# Problem
Could you print the listing again exactly, omitting the pictures?

# Data for review
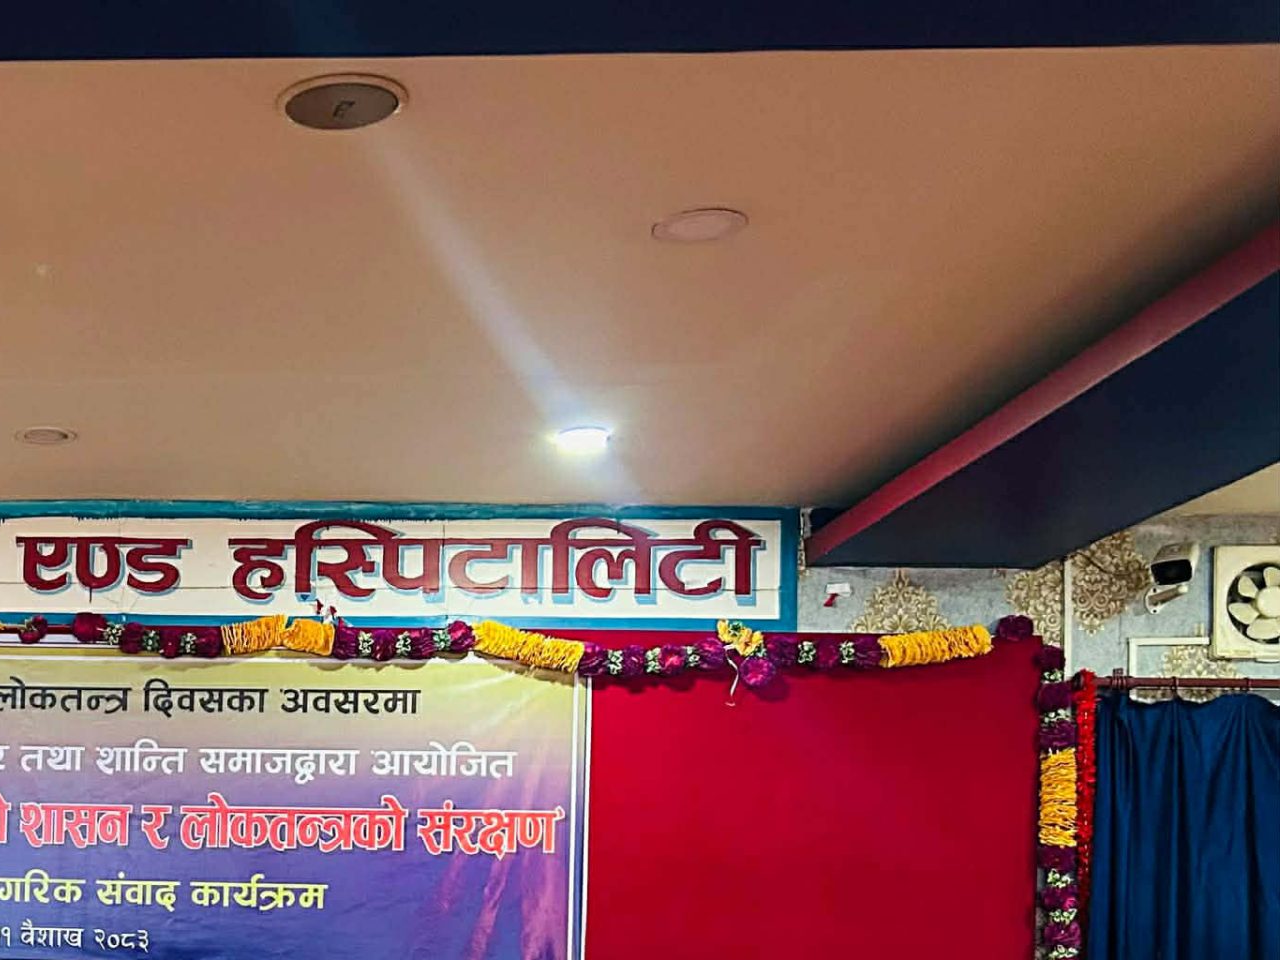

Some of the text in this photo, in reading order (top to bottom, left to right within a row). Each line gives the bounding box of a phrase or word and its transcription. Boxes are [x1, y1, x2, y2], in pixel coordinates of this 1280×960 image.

[16, 535, 191, 597] एण्ड
[228, 518, 767, 602] हस्पिटालिटी
[143, 678, 269, 717] दिवसका
[279, 687, 421, 715] अवसरमा
[20, 745, 86, 772] तथा
[96, 738, 187, 776] शान्ति
[199, 748, 360, 784] समाजद्वारा
[370, 741, 518, 780] आयोजित
[19, 801, 133, 848] शासन
[141, 803, 172, 850] र
[179, 791, 409, 853] लोकतन्त्रको
[95, 871, 181, 912] संवाद
[190, 873, 329, 911] कार्यक्रम
[20, 918, 85, 948] वैशाख
[93, 928, 150, 953] २०८३

# Task solution
Some of the text in this photo, in reading order (top to bottom, left to right within a row). Each line gives the bounding box of a phrase or word and its transcription. Boxes are [x1, y1, x2, y2], in pixel coordinates of this 1280×960 image.

[16, 535, 191, 597] एण्ड
[228, 518, 767, 602] हस्पिटालिटी
[143, 678, 269, 717] दिवसका
[279, 687, 421, 715] अवसरमा
[20, 745, 86, 772] तथा
[96, 738, 187, 776] शान्ति
[199, 748, 360, 784] समाजद्वारा
[370, 741, 518, 780] आयोजित
[19, 801, 133, 848] शासन
[141, 803, 172, 850] र
[179, 791, 409, 853] लोकतन्त्रको
[95, 871, 181, 912] संवाद
[190, 873, 329, 911] कार्यक्रम
[20, 918, 85, 948] वैशाख
[93, 928, 150, 953] २०८३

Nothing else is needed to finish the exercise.